Dataset records
---
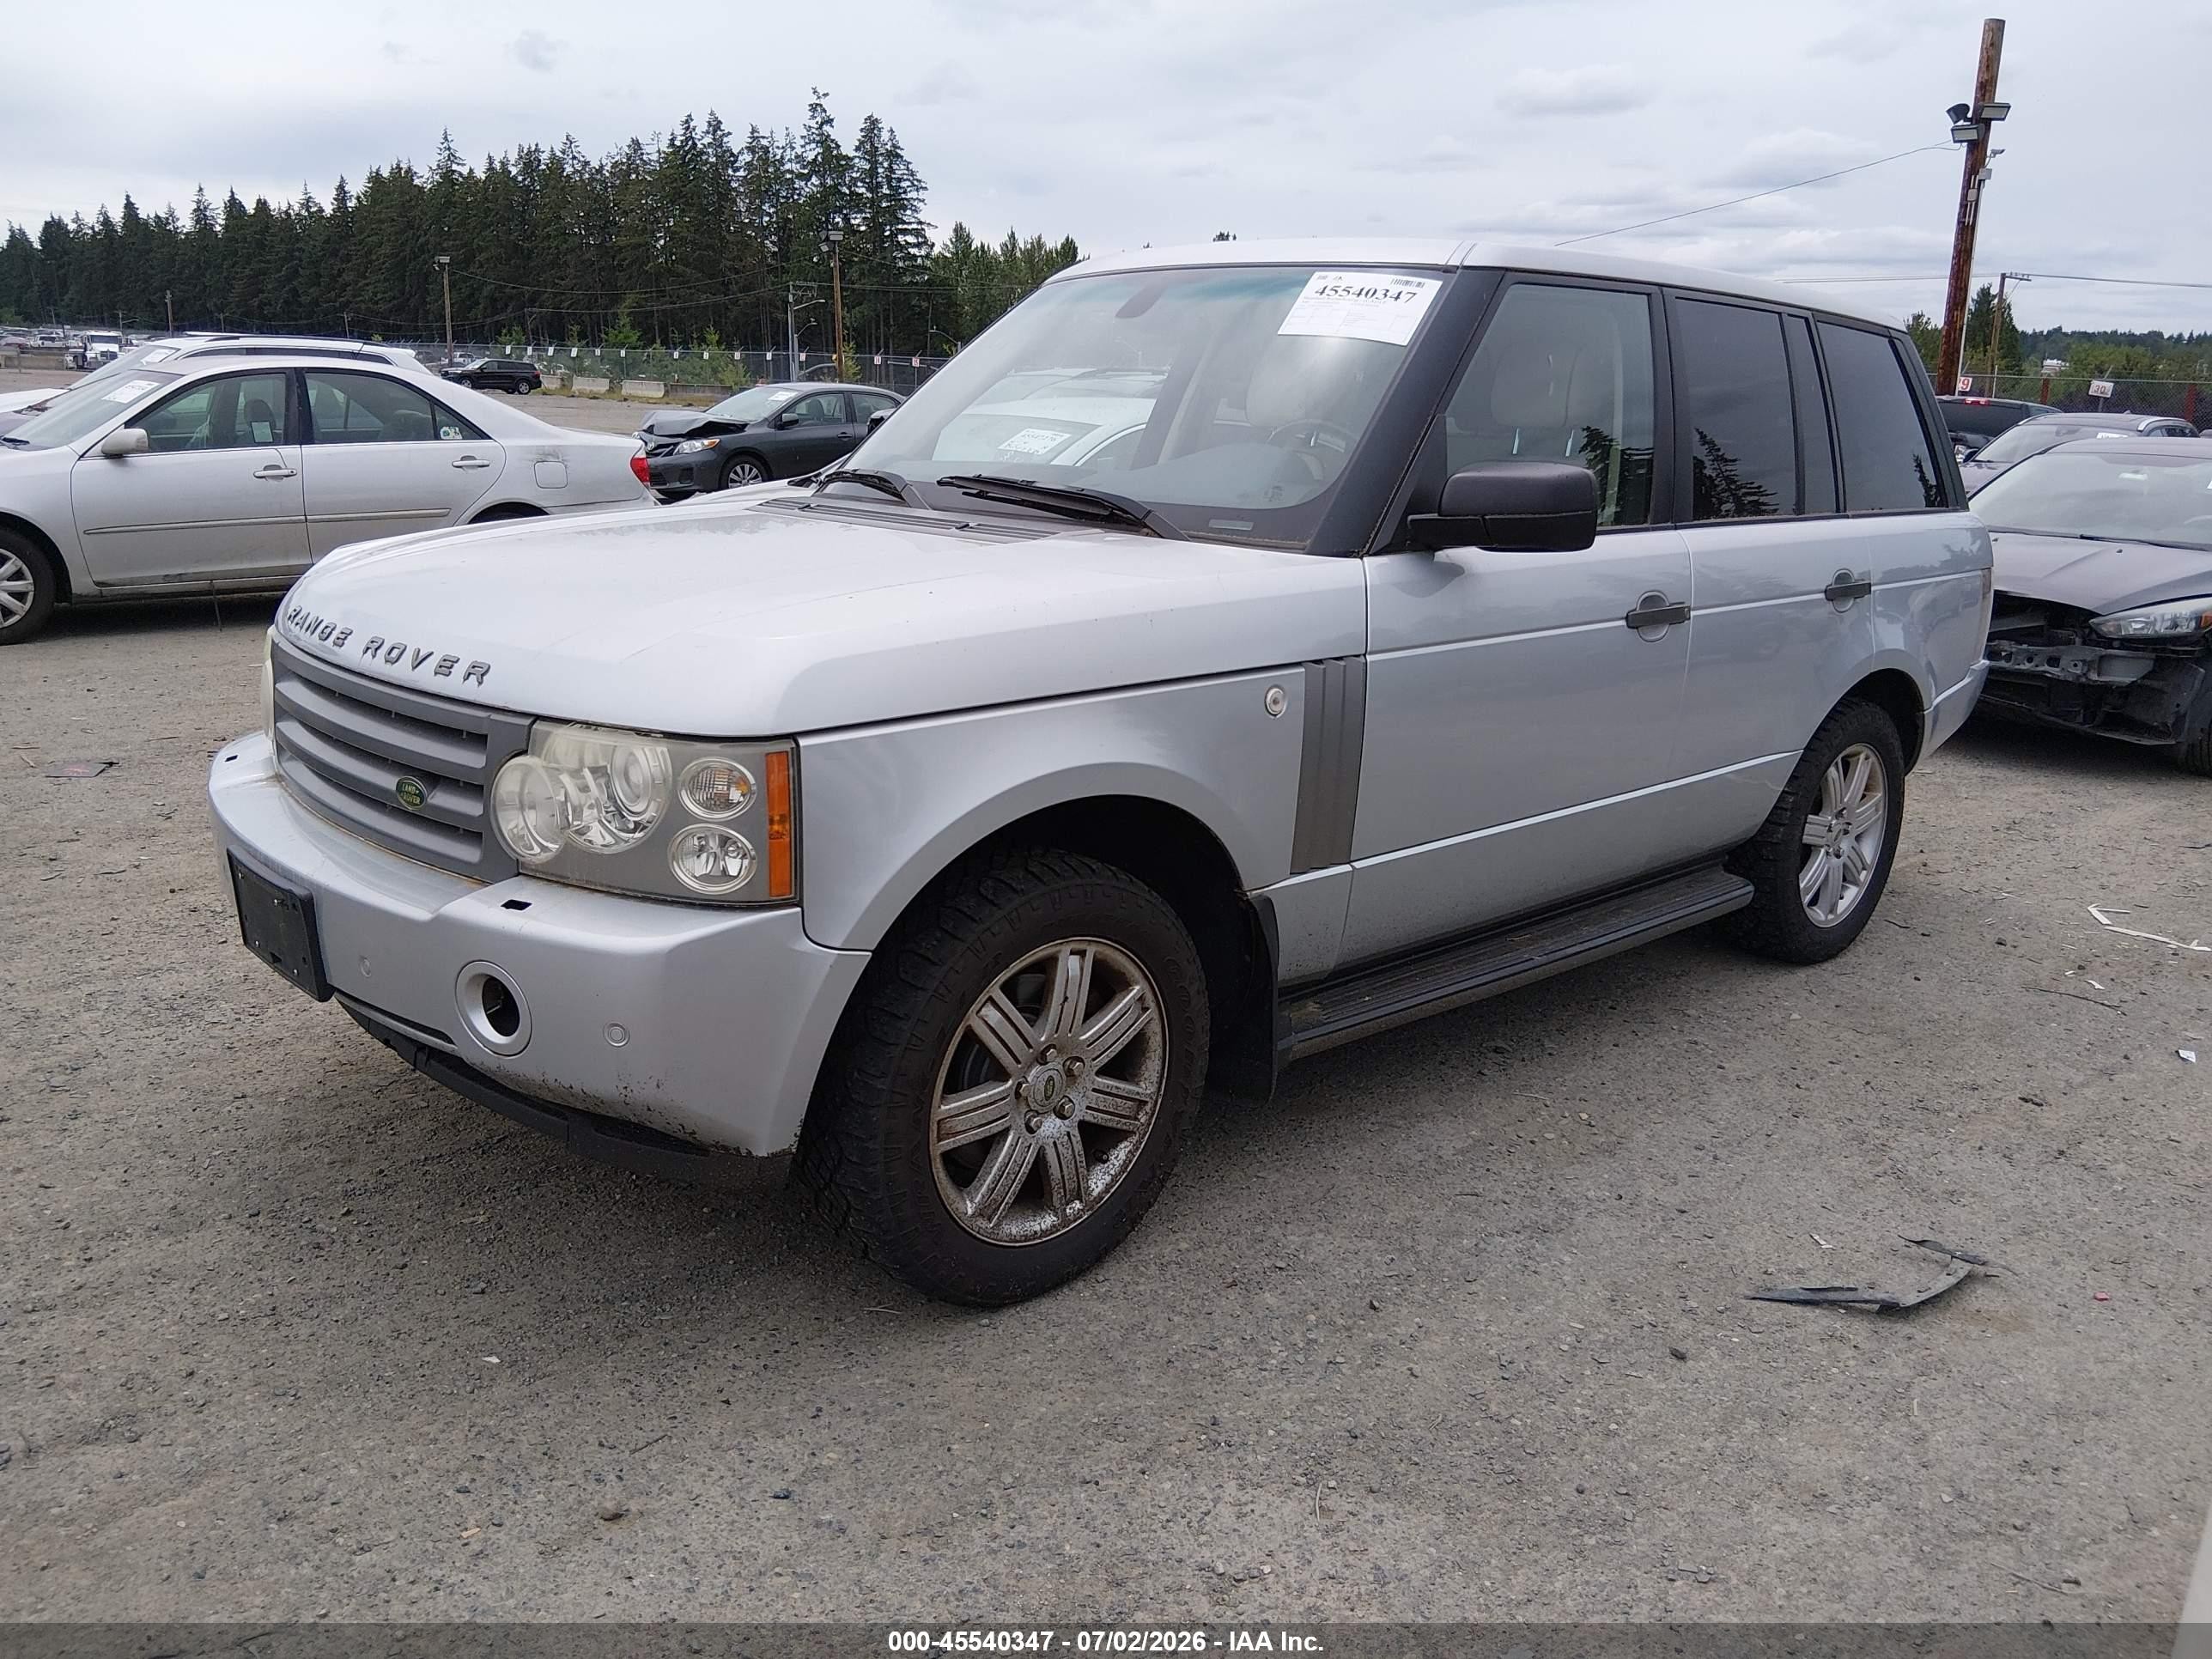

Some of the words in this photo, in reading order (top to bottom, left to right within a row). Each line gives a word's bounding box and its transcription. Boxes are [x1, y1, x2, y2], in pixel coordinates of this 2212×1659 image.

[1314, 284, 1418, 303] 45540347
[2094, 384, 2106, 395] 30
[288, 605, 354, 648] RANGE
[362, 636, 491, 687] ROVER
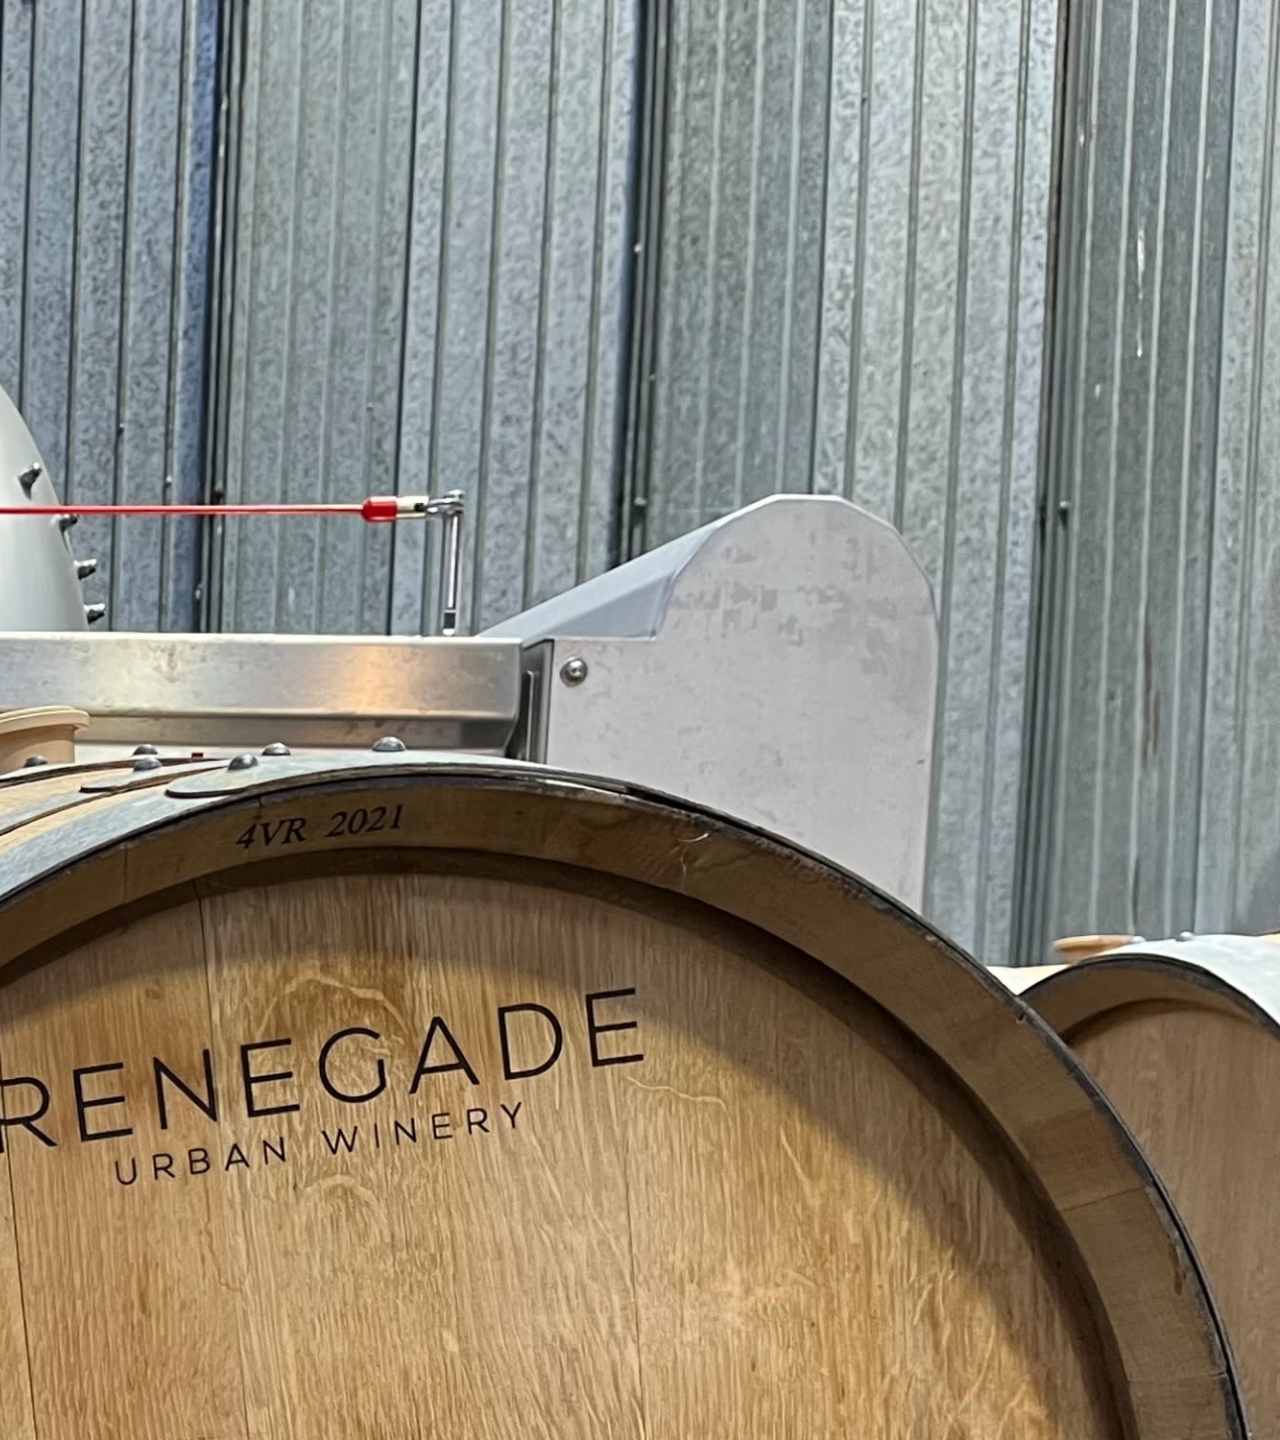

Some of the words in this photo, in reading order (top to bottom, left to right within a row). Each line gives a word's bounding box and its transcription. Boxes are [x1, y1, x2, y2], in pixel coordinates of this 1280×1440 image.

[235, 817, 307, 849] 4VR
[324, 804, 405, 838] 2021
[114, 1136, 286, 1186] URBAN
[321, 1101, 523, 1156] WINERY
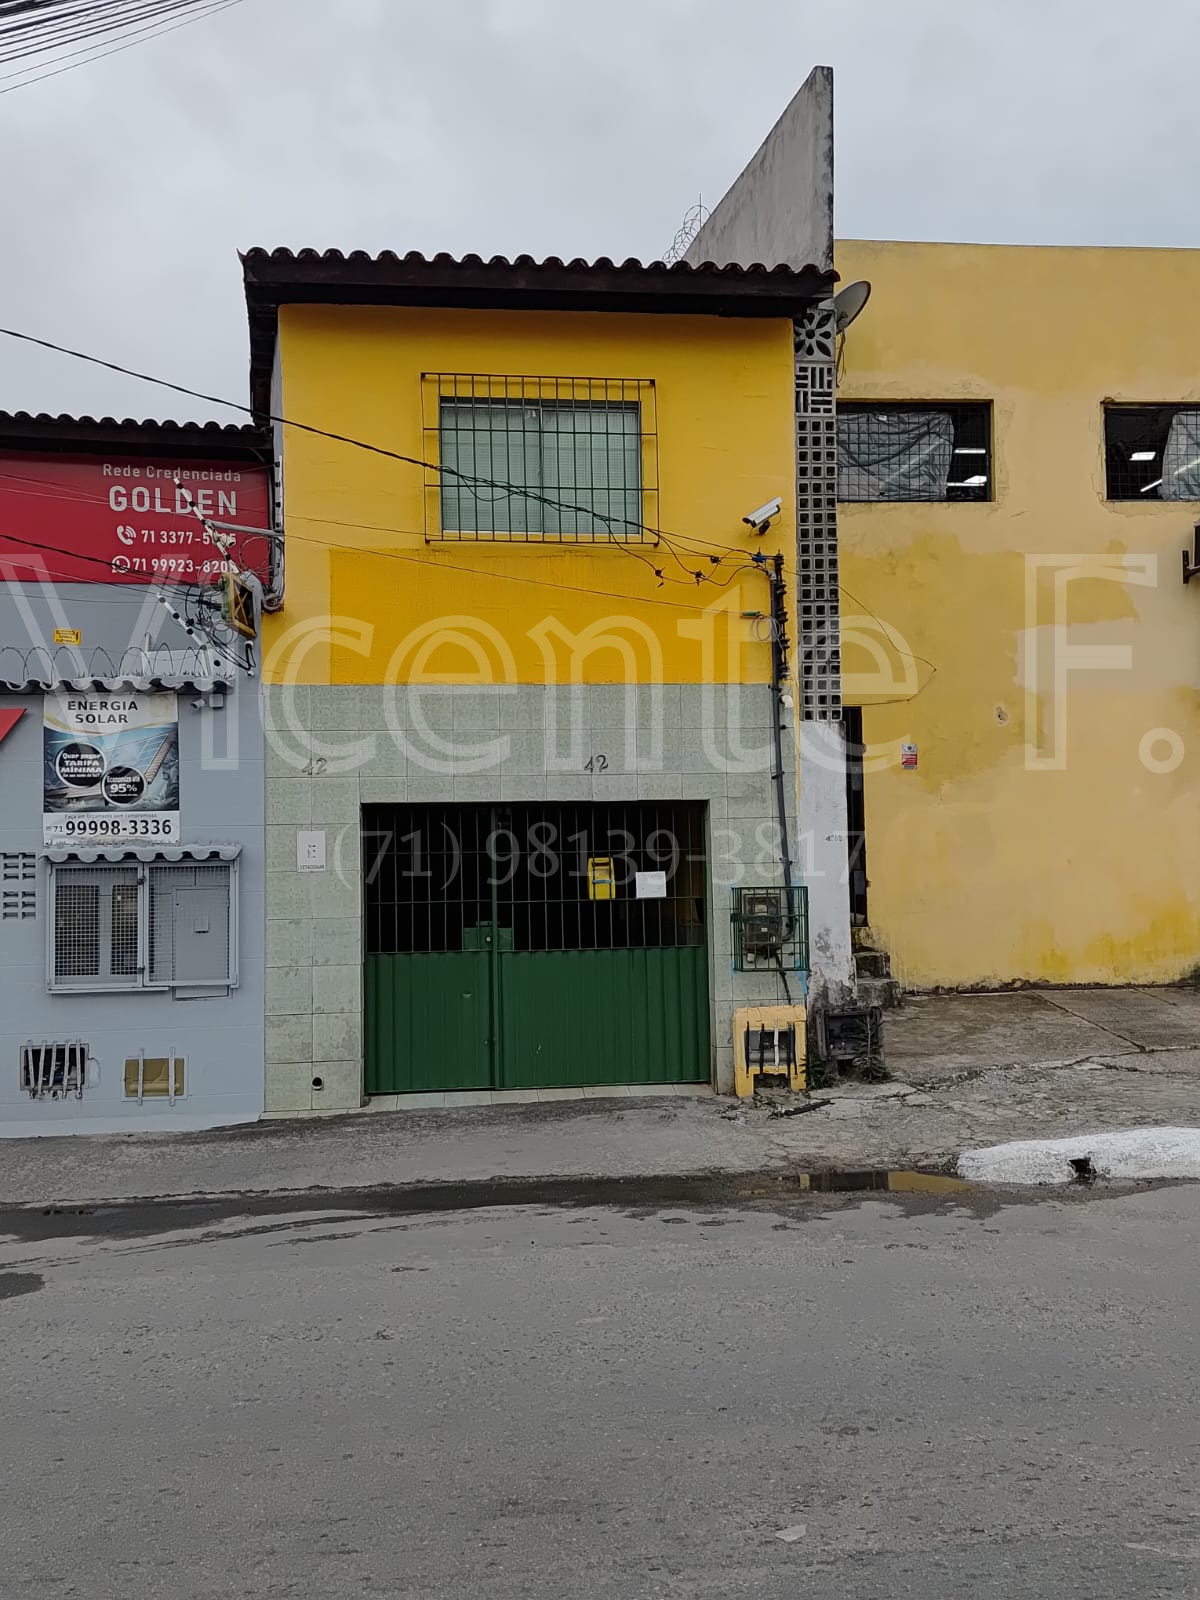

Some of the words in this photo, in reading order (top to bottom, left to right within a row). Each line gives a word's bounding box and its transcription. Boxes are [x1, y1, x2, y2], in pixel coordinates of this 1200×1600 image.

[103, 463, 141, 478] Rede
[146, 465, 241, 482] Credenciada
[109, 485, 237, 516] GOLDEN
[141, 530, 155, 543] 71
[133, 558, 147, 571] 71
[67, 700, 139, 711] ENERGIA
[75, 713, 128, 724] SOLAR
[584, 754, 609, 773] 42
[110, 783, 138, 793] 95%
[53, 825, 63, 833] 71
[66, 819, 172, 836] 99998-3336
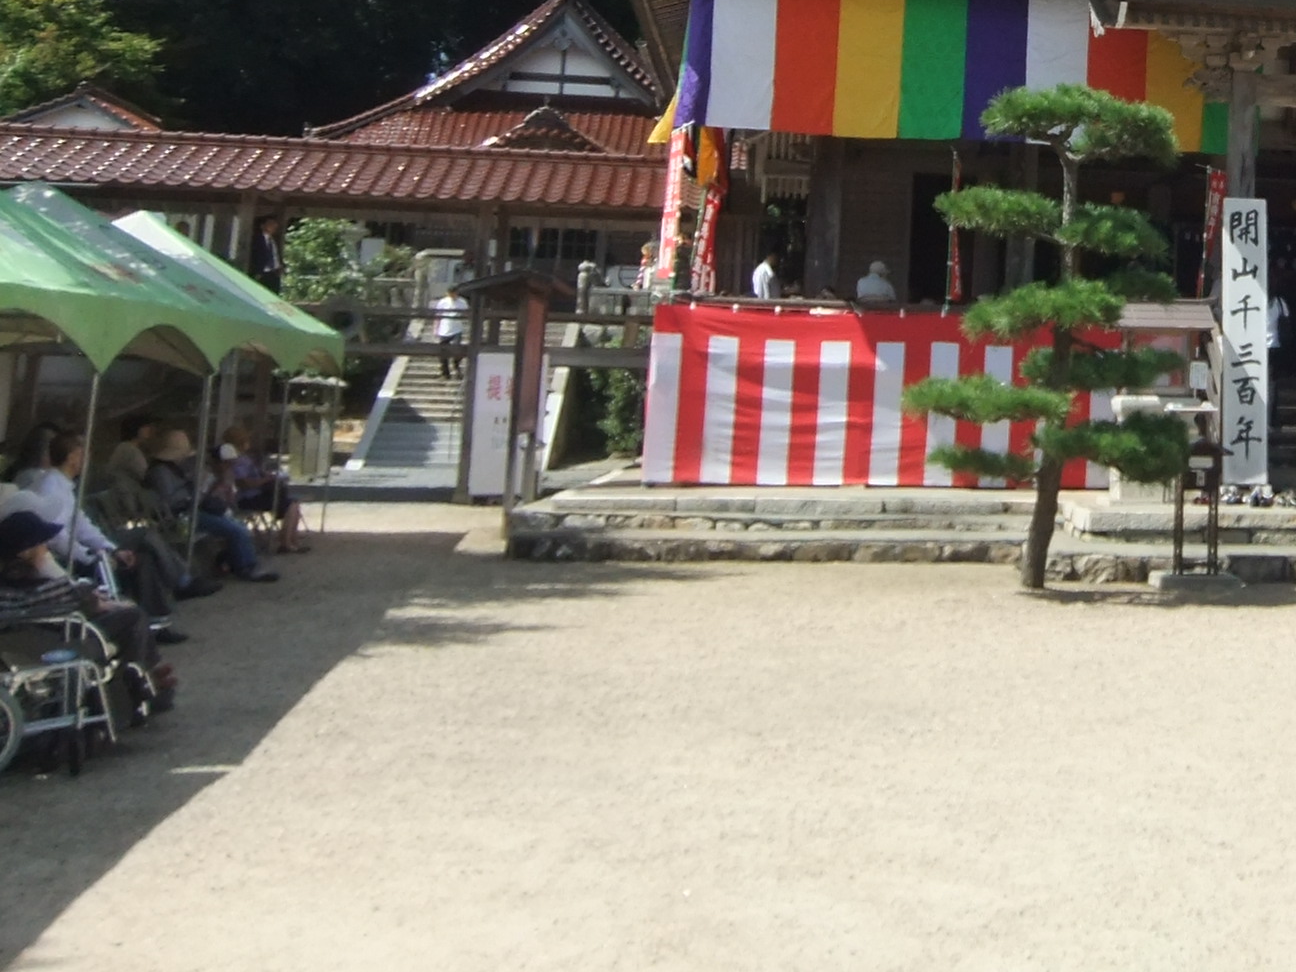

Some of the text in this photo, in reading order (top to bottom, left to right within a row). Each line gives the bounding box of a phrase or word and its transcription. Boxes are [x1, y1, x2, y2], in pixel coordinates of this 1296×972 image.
---
• [TASK INSTRUCTIONS]
In your copy of the records above, include every line exactly but no pictures.

• [RESULT OF THE TASK]
Some of the words in this photo, in reading order (top to bottom, left to right within a row). Each line gives a word's bounding box and its transcription. Boxes are [x1, y1, x2, y2], in pixel coordinates of this 2212×1659 image.

[1314, 284, 1418, 303] 45540347
[2094, 384, 2106, 395] 30
[288, 605, 354, 648] RANGE
[362, 636, 491, 687] ROVER

Some of the words in this photo, in reading order (top to bottom, left to right within a row). Each line gives a word's bounding box and its transcription. Boxes are [x1, y1, x2, y2], in pixel coordinates of this 1280×1440 image.

[235, 817, 307, 849] 4VR
[324, 804, 405, 838] 2021
[114, 1136, 286, 1186] URBAN
[321, 1101, 523, 1156] WINERY

Some of the words in this photo, in reading order (top to bottom, left to right within a row). Each line gives a word's bounding box and its transcription. Boxes are [x1, y1, x2, y2], in pixel coordinates of this 1200×1600 image.

[103, 463, 141, 478] Rede
[146, 465, 241, 482] Credenciada
[109, 485, 237, 516] GOLDEN
[141, 530, 155, 543] 71
[133, 558, 147, 571] 71
[67, 700, 139, 711] ENERGIA
[75, 713, 128, 724] SOLAR
[584, 754, 609, 773] 42
[110, 783, 138, 793] 95%
[53, 825, 63, 833] 71
[66, 819, 172, 836] 99998-3336

Some of the text in this photo, in reading order (top to bottom, left to right within a row). Each line gives the bounding box of a phrase or word and its transcription. Boxes are [x1, y1, x2, y2], in pixel coordinates of this 1296×972 image.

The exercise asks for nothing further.